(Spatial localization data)
*** Begin section ***

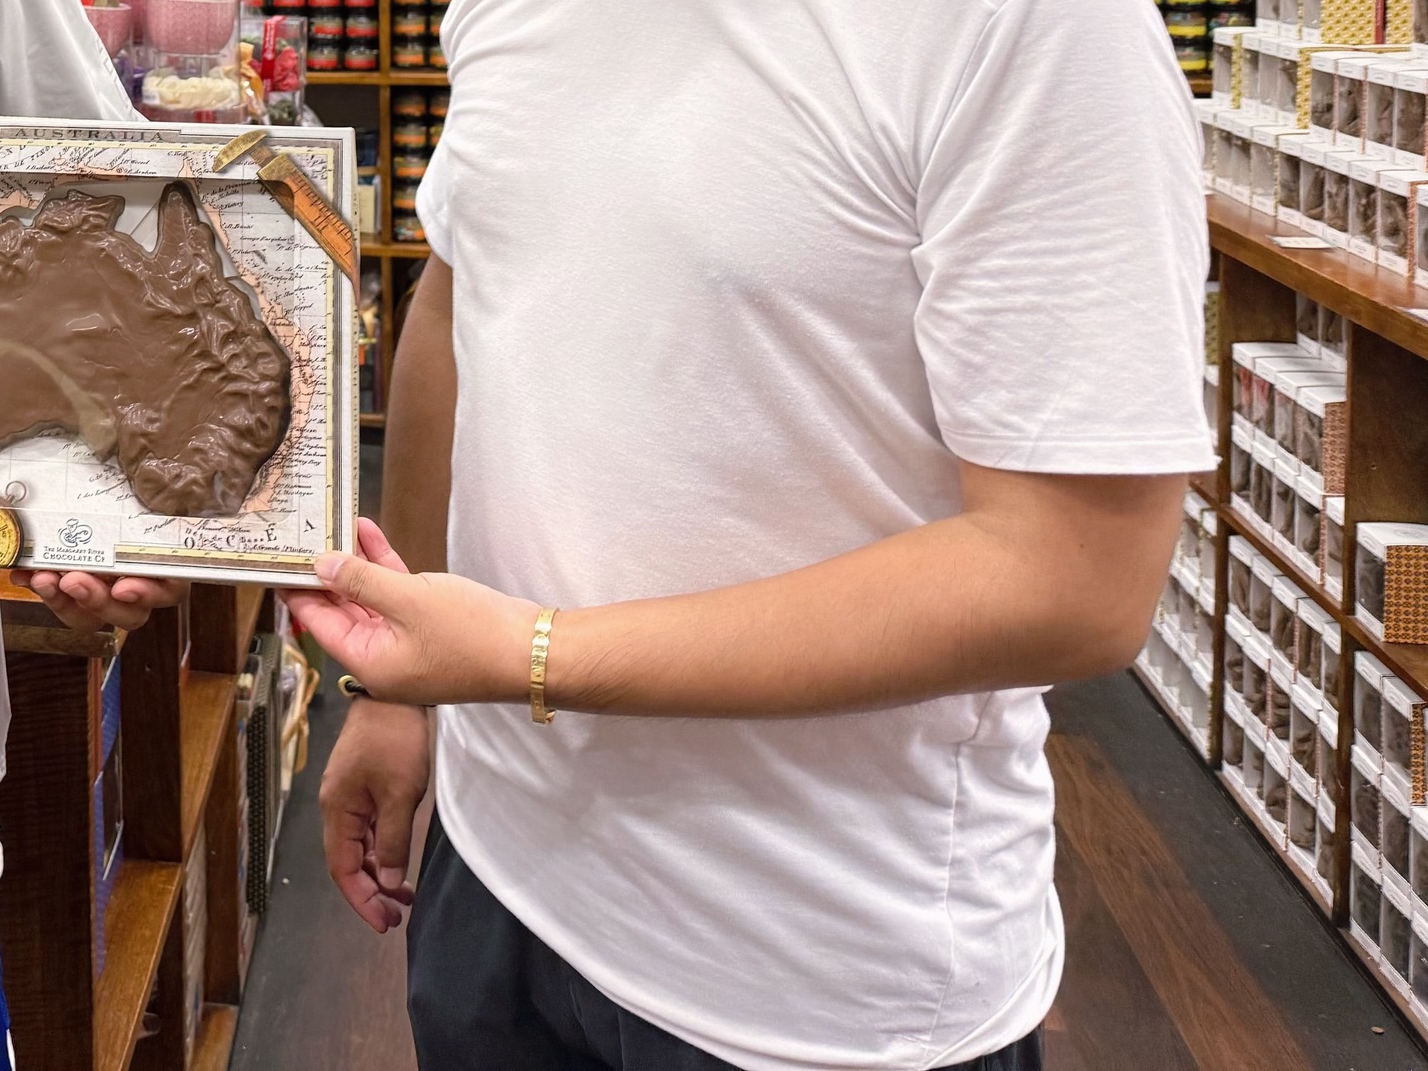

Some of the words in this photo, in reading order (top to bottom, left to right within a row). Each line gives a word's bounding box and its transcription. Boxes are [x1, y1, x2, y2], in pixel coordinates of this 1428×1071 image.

[15, 129, 164, 142] AUSTRALIA
[57, 546, 86, 555] MARGARET
[43, 553, 92, 562] CHOCOLATE
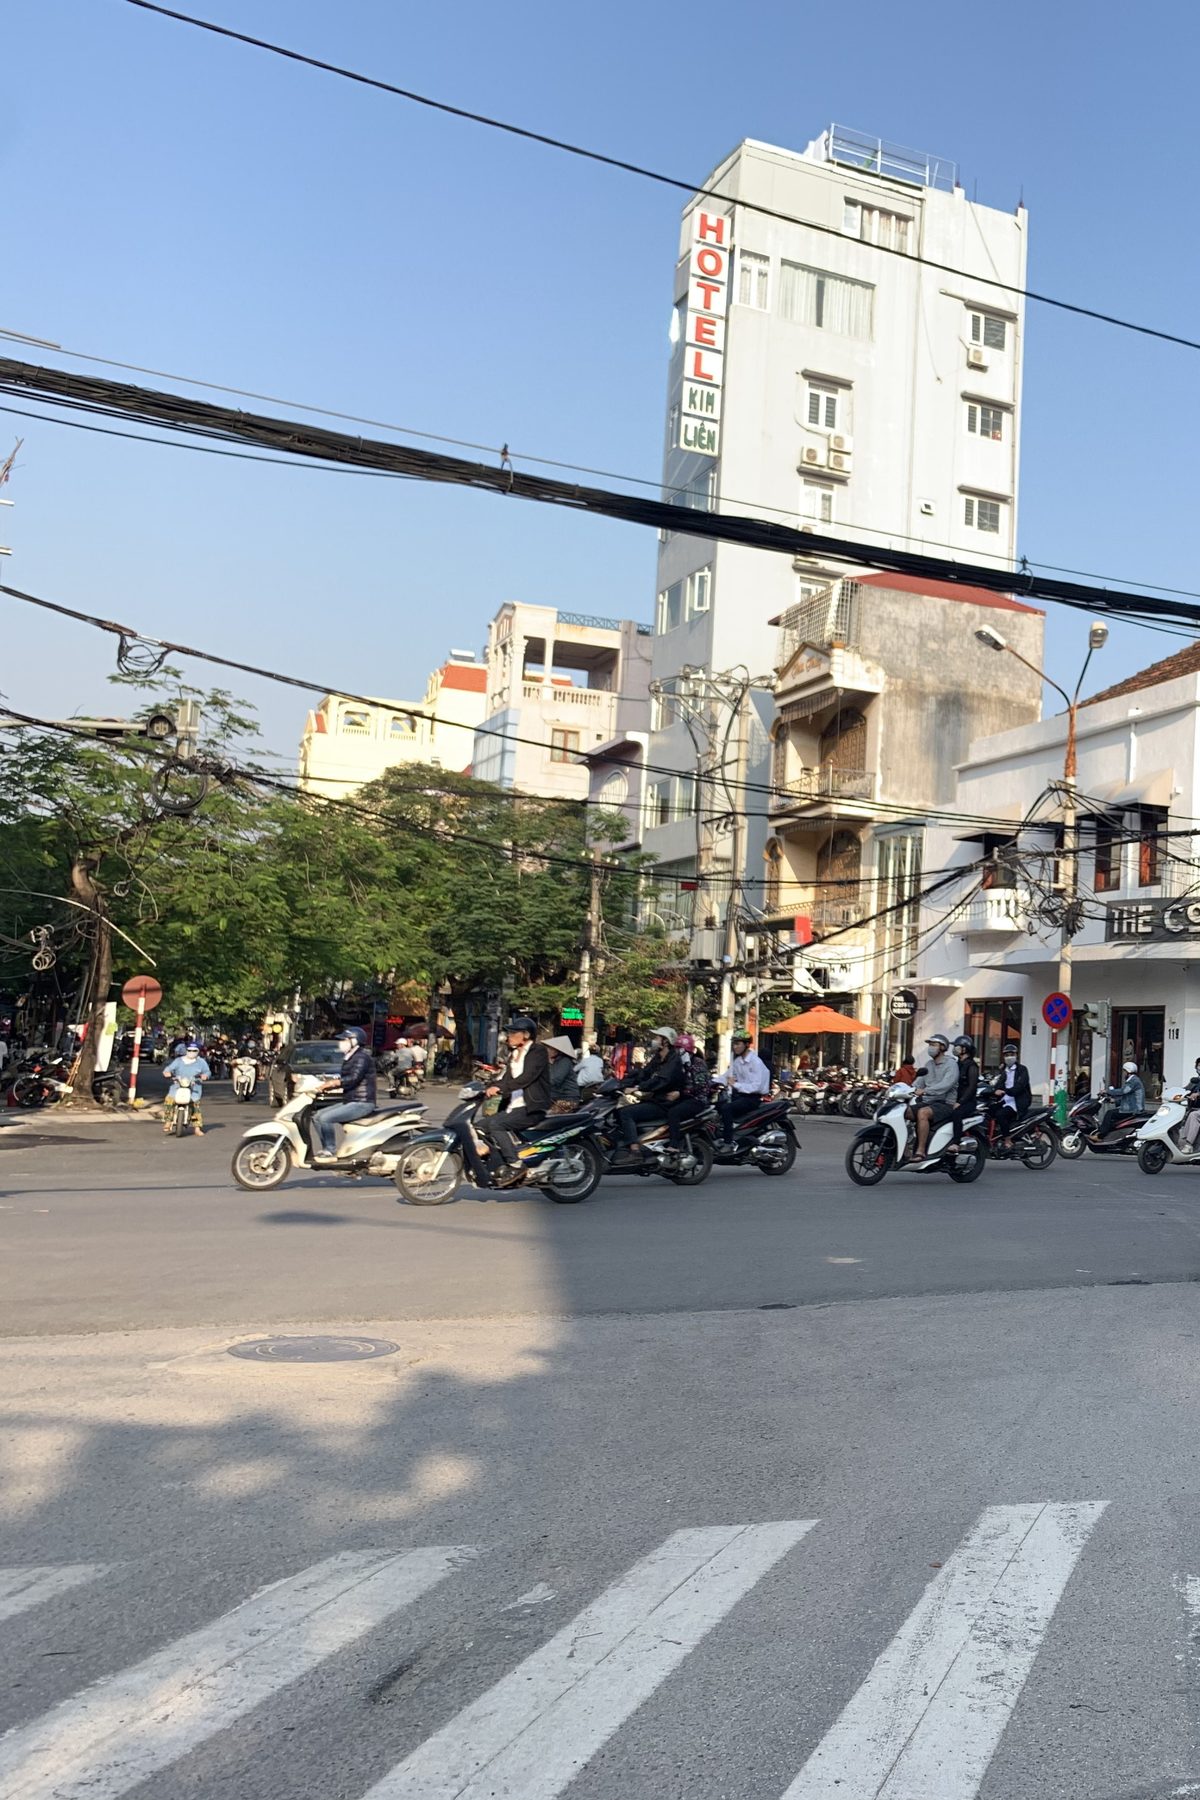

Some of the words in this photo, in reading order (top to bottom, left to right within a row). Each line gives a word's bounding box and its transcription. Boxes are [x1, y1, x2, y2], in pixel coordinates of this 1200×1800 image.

[694, 213, 724, 381] HOTEL
[688, 386, 715, 413] KIM
[684, 420, 716, 452] LIÊN
[1111, 904, 1153, 933] THE
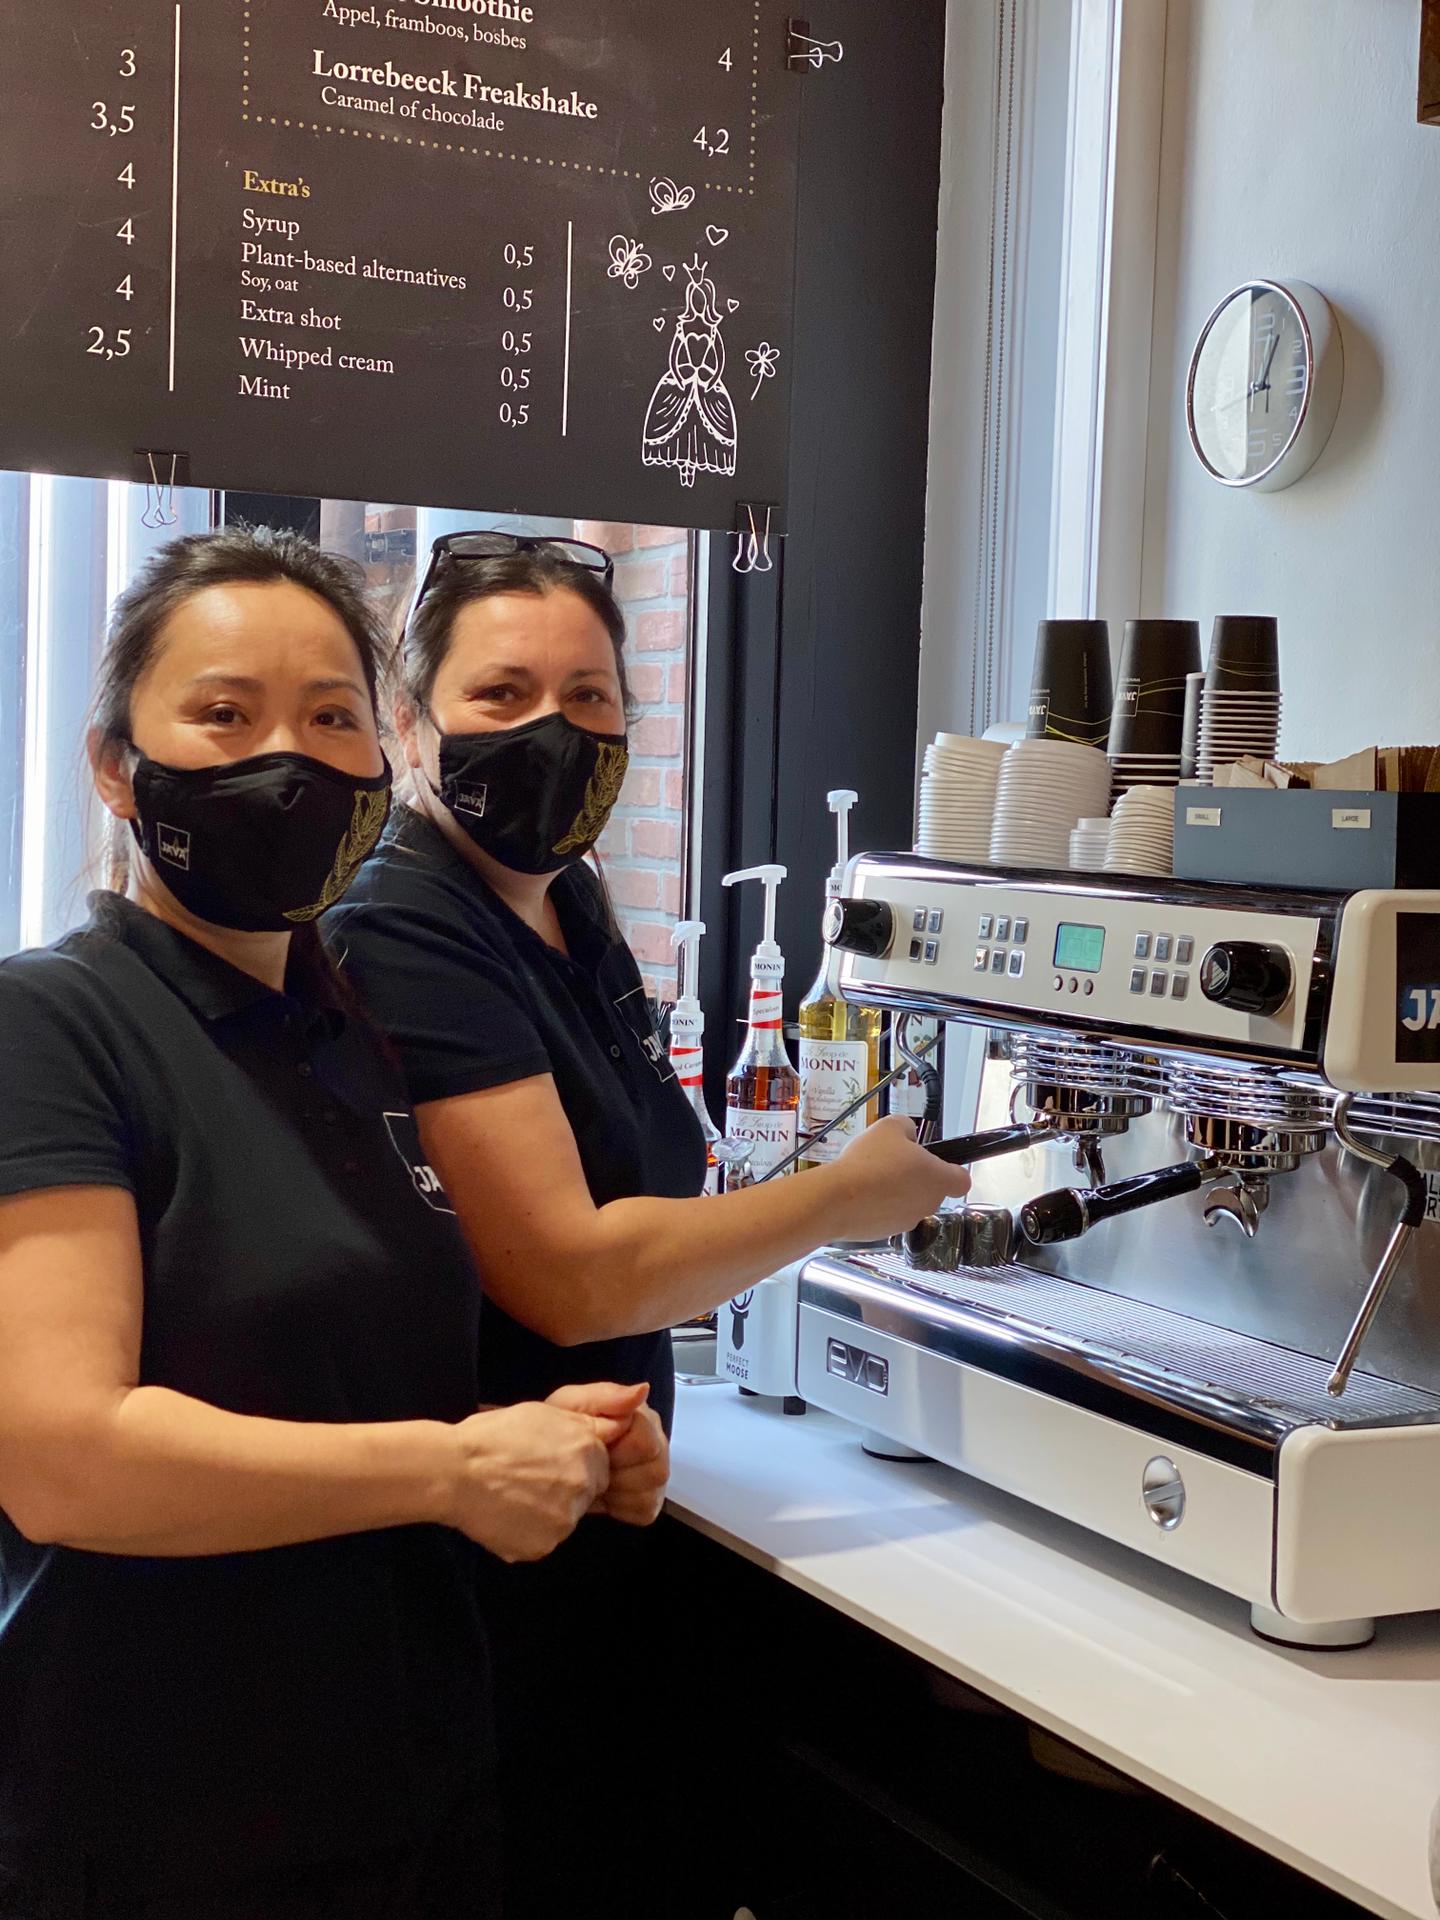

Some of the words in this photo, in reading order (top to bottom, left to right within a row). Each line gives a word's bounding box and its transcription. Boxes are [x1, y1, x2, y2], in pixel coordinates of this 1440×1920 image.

[323, 0, 380, 28] Appel,
[385, 9, 469, 42] framboos,
[473, 23, 526, 49] bosbes
[415, 0, 534, 23] moothie
[119, 49, 136, 77] 3
[717, 47, 733, 72] 4
[312, 49, 458, 97] Lorrebeeck
[463, 74, 598, 119] Freakshake
[90, 101, 136, 137] 3,5
[322, 86, 394, 114] Caramel
[400, 100, 421, 118] of
[422, 103, 505, 131] chocolade
[692, 125, 730, 158] 4,2
[117, 162, 136, 190] 4
[243, 169, 311, 198] Extra's
[116, 217, 136, 246] 4
[242, 207, 300, 241] Syrup
[240, 242, 357, 276] Plant-based
[363, 259, 467, 290] alternatives
[503, 243, 534, 270] 0,5
[115, 273, 134, 301] 4
[240, 269, 272, 292] Soy,
[274, 279, 299, 292] oat
[502, 286, 534, 313] 0,5
[240, 299, 295, 326] Extra
[300, 308, 342, 331] shot
[86, 326, 132, 361] 2,5
[238, 337, 333, 371] Whipped
[338, 356, 395, 374] cream
[501, 330, 533, 357] 0,5
[237, 374, 291, 400] Mint
[500, 366, 532, 392] 0,5
[499, 402, 530, 428] 0,5
[754, 963, 781, 971] MONIN
[801, 1056, 857, 1073] MONIN
[730, 1126, 789, 1143] MONIN
[726, 1361, 749, 1381] MOOSE

*** End section ***

Work instruction :: An exact copy of the data above is required, printed without its pictures.

Answer to the problem ::
Some of the words in this photo, in reading order (top to bottom, left to right within a row). Each line gives a word's bounding box and its transcription. Boxes are [x1, y1, x2, y2], in pixel coordinates of this 1428×1071 image.

[15, 129, 164, 142] AUSTRALIA
[57, 546, 86, 555] MARGARET
[43, 553, 92, 562] CHOCOLATE

Some of the words in this photo, in reading order (top to bottom, left to right within a row). Each line gives a word's bounding box and its transcription. Boxes are [x1, y1, x2, y2], in pixel coordinates of this 1200×1800 image.

[694, 213, 724, 381] HOTEL
[688, 386, 715, 413] KIM
[684, 420, 716, 452] LIÊN
[1111, 904, 1153, 933] THE

Some of the words in this photo, in reading order (top to bottom, left to right within a row). Each line gives a word's bounding box and its transcription. Boxes are [x1, y1, x2, y2], in pixel coordinates of this 1440×1920 image.

[323, 0, 380, 28] Appel,
[385, 9, 469, 42] framboos,
[473, 23, 526, 49] bosbes
[415, 0, 534, 23] moothie
[119, 49, 136, 77] 3
[717, 47, 733, 72] 4
[312, 49, 458, 97] Lorrebeeck
[463, 74, 598, 119] Freakshake
[90, 101, 136, 137] 3,5
[322, 86, 394, 114] Caramel
[400, 100, 421, 118] of
[422, 103, 505, 131] chocolade
[692, 125, 730, 158] 4,2
[117, 162, 136, 190] 4
[243, 169, 311, 198] Extra's
[116, 217, 136, 246] 4
[242, 207, 300, 241] Syrup
[240, 242, 357, 276] Plant-based
[363, 259, 467, 290] alternatives
[503, 243, 534, 270] 0,5
[115, 273, 134, 301] 4
[240, 269, 272, 292] Soy,
[274, 279, 299, 292] oat
[502, 286, 534, 313] 0,5
[240, 299, 295, 326] Extra
[300, 308, 342, 331] shot
[86, 326, 132, 361] 2,5
[238, 337, 333, 371] Whipped
[338, 356, 395, 374] cream
[501, 330, 533, 357] 0,5
[237, 374, 291, 400] Mint
[500, 366, 532, 392] 0,5
[499, 402, 530, 428] 0,5
[754, 963, 781, 971] MONIN
[801, 1056, 857, 1073] MONIN
[730, 1126, 789, 1143] MONIN
[726, 1361, 749, 1381] MOOSE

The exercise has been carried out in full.